Weinberger picked up the post about Technorati providing blog information during the Democratic National Convention. The story has been picked up and spread all over the place by the blogging “in crowd”, but I figured I would spread it here also cause it seems like I have more of a mix of social software and mobile readers than hard core bloggers. I’ve posted about Technorati before, but basically it’s a service that allows you to figure out who’s blog is linking to what. There are a few technical reasons behind why their link searching works mostly to find what blogs are linking to, and not web pages in general. But take it on faith that most of the information they have comes from people writing blogs entries with links in them.

At the Democratic National Convention Technorati is going to be feeding into to/through CNN about what the current hot topics are. I’m assuming this is so that CNN can “close the feedback loop”. Meaning that now CNN has another way to find out in realtime the effect of the information they’ve released. When CNN broadcasts information they don’t really have a good way to find out what viewers think about the info? The most basic question is, “do the viewers care at all?” Technorati is in a great position to answer that question because they can find out what people are linking to, which is an excellent proxy for what a certain group of people are talking about. There are another ways to gather info, like taking phone calls and emails. But because Technorati has a database of what people’s links point to already, and because computers process the information and not people, Technorati can provide feedback from a much larger group and allow some interesting dissections and regroupings of that data.

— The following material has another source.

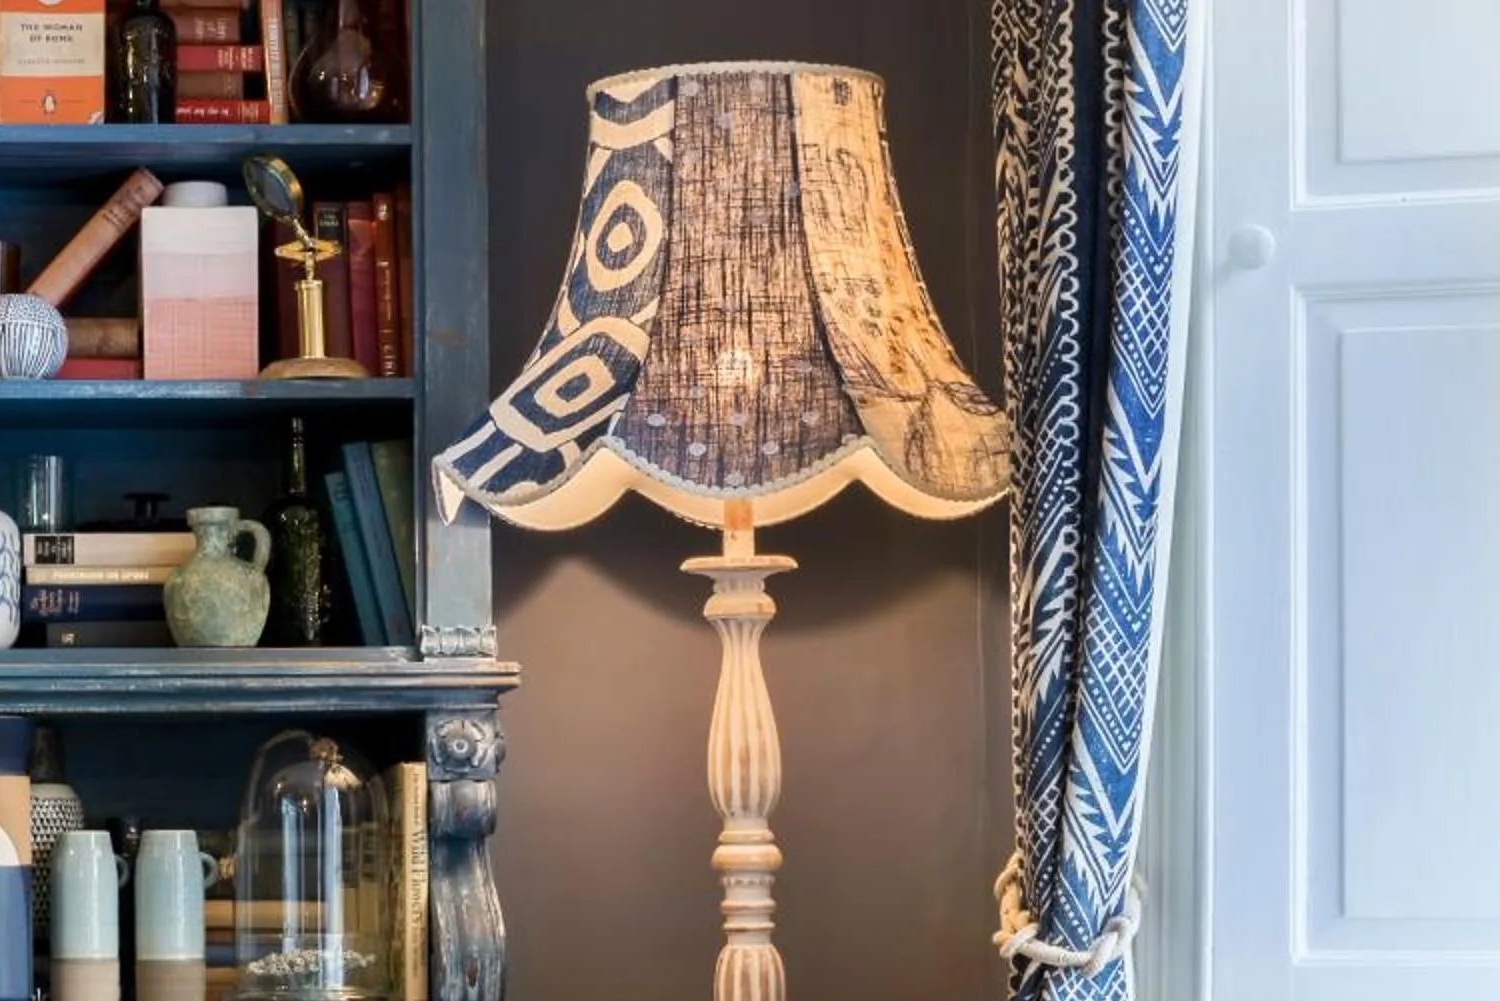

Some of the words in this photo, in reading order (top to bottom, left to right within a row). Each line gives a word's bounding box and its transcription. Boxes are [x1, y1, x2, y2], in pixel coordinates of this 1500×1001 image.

The geeks out there might say something like “but CNN can just check their server logs to see what pages people are looking at. If CNN runs a story they can just check to see how many people hit pages about that story on their site. Why do they need Technorati?” NO!! This misses completely two major types of info. The first is editorial type posts to a blog. When some bloggers post they provide a link to a story and a whole bunch of commentary. Not everyone clicks through to the originating story. If the post is detailed enough, I bet that number can get very low. Especially when the reader is at a post from a trusted source. There’s no need to go to the original bit of info, they already have everything they wanted. The second is breaking news. Looking at hot trends as a whole, CNN can pick up on what people are interested in that HASN’T yet been reported on. I personally think that’s a really big deal. If CNN is reporting on A, B, and C, but people are talking most about Z, now they can know. This is where the network effects really come in. First you have to look at who’s linking to you, and then who links to them, and then as an aggregate everything that all of them area linking to as a whole. That’s where Technorati really breaks out of the box, they enable this view of information in a way that hasn’t been possible on a large scale before. Great job guys!! I wasn’t planning to follow the DNC at all, but this news has gotten me interested enough that I’ll probably tune in.